El yorker es considerado por muchos analistas del cricket como el lanzamiento más difícil de golpear y, al mismo tiempo, uno de los más difíciles de ejecutar con consistencia. Un yorker perfecto bota exactamente en la línea del bate del bateador y al pie del wicket, en la zona donde el cricketista tiene menos margen de movimiento para colocar el bate. La combinación de una trayectoria plana, una longitud precisa y velocidad alta hace del yorker una amenaza formidable tanto para derribar el wicket directamente como para forzar un LBW o una defensa incómoda que produzca una oportunidad de catch.
La precisión requerida para lanzar un yorker distingue a los grandes bowlers rápidos de los simplemente buenos. La diferencia entre un yorker perfecto y un full toss —bola que llega al bateador sin botar o botando muy cerca del crease— puede ser de apenas centímetros en la longitud del lanzamiento. Un full toss es un regalo para el bateador; un yorker es una trampa. Los bowlers entrenan miles de repeticiones específicamente para desarrollar la memoria muscular que les permita controlar la longitud con esa precisión incluso bajo la presión de un partido importante.

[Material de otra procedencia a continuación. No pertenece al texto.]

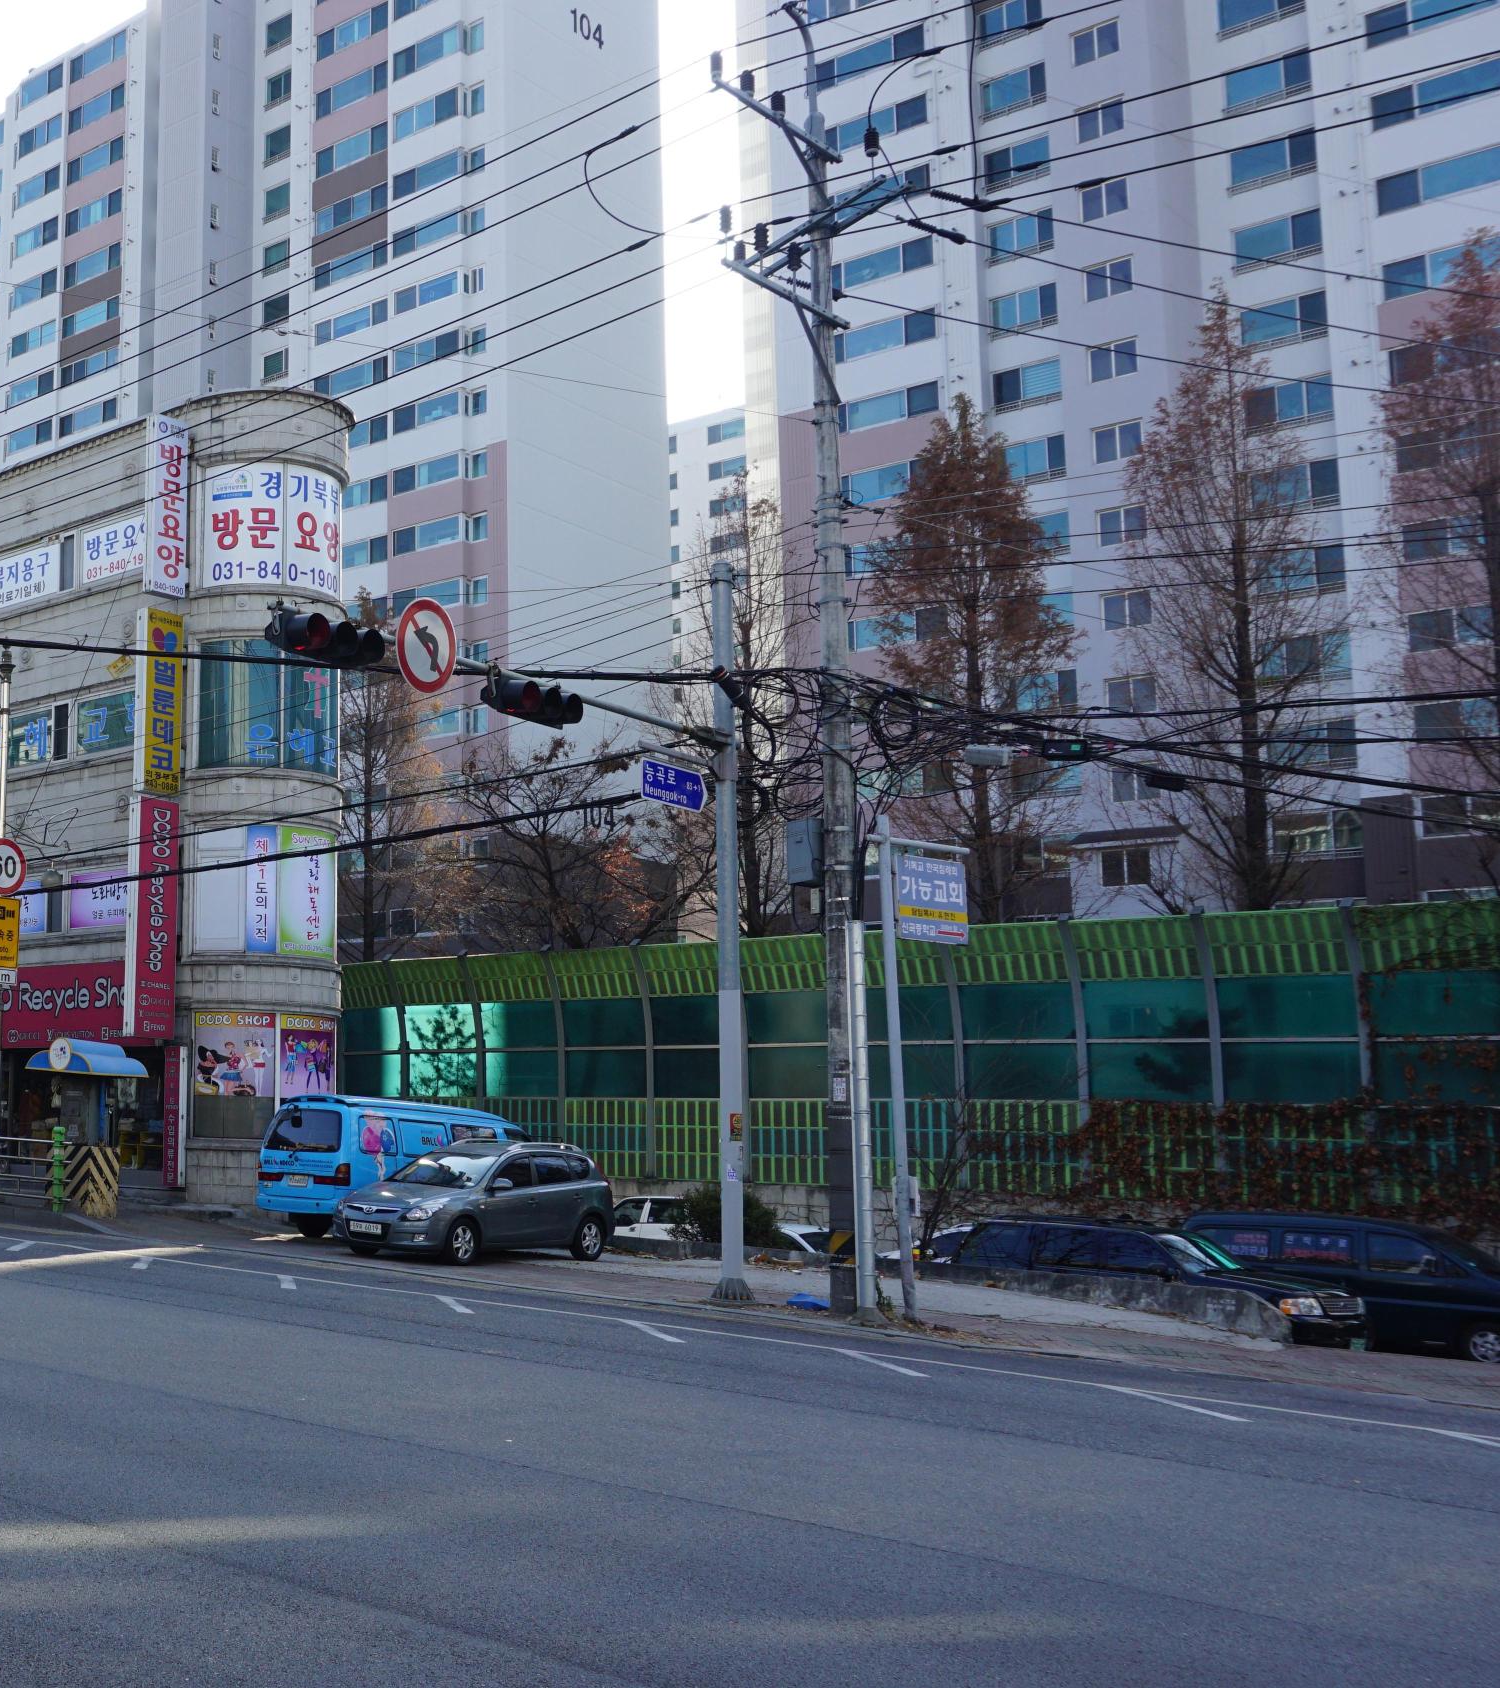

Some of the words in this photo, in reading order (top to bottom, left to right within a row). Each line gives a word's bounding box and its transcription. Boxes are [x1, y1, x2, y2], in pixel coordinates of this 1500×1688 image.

En la historia del cricket, ciertos bowlers han construido su reputación en gran parte sobre su capacidad de lanzar yorkers en los momentos más decisivos. El paquistaní Waqar Younis fue conocido como el maestro del yorker en los años noventa, derribando wickets con lanzamientos de zurda que entraban muy cerca del palo del off. En el cricket contemporáneo, jugadores como Jasprit Bumrah de India o Lasith Malinga de Sri Lanka han elevado el yorker a una forma de arte dentro del bowling rápido moderno, con trayectorias prácticamente imposibles de replicar con regularidad.